The story of the film begins with Martand having his own dairy business, delivering milk to villages located on the Maharashtra-Karnataka border, driving his own van on the highway. On the way to a dhaba, he comes across a young girl, who starts a fight with him. Soon, he meets the same girl on the highway again, after she asks for a lift as the private taxi she is travelling in deserts her. Initially, he is reluctant to offer her a lift as she speaks Kannada. But later on, after the intervention of his little deputy, he gives her a lift.

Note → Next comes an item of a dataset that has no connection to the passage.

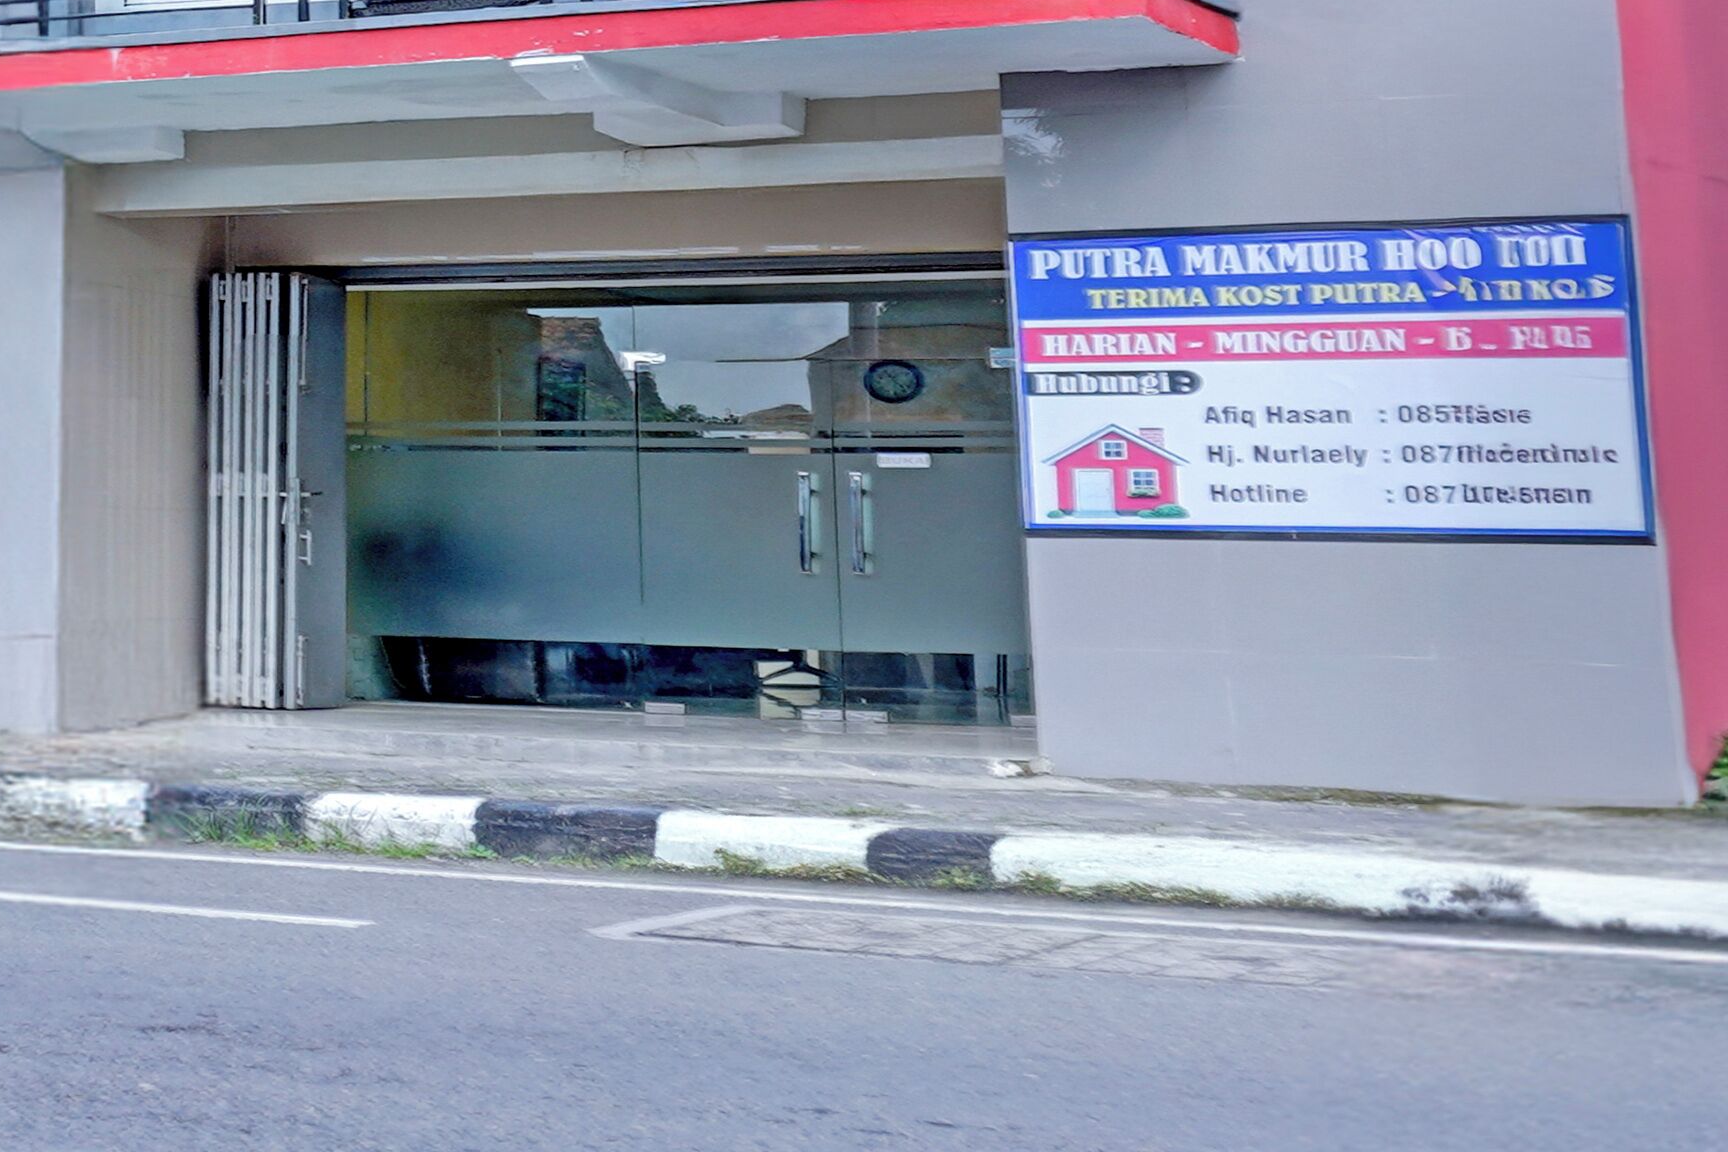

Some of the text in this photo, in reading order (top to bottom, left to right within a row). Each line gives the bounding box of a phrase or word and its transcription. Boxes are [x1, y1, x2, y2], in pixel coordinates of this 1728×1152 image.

Needless to mention, that the boy falls in love with the girl. But the girl is just friendly with him. The first half of the film is wasted in their road journey. It would have been better if they had made this part more interesting to entertain the viewers. But both the artistes have picked up their rustic accents very well, during their arguments in Marathi and Kannada. The girl utters Kannada dialogues first, followed by the Marathi version, in her typical accent. In the second half of the film, the audience not only notices his enmity with his rival Devdhar (Arun Nalavade) and his mobile phone addict son (Sameer Khadekar), but also with Kusum’s large joint family.
In a distinctive angry-young-man style reminiscent of Bollywood, he dares to challenge the Kusum’s family members that he would take away their daughter for marriage. Finally, after lot of bloodshed, we see the happy ending; but not before unveiling the truth behind killing of Martand’s father. In short, ‘Carry on Maratha’ shows the rivalry between two families belonging to two different regions; and how they overcome misunderstandings and cultural barriers to finally get together.
The film is technically well presented, with two good dances choreographed by a team of choreographers - Raju Khan, Sujit Kumar and others. Music by Shail & Pritesh for these songs also gives a different feel. Cinematography by Arun Prasad has captured beautiful outdoor locations, including new picturesque places like Badami. Both the newcomers, Gashmeer and Kashmira, have performed very well. Good support comes from Shantanu Moghe, Usha Naik, Arun Nalavade, Kishori Ballal, Devika Daftardar and others.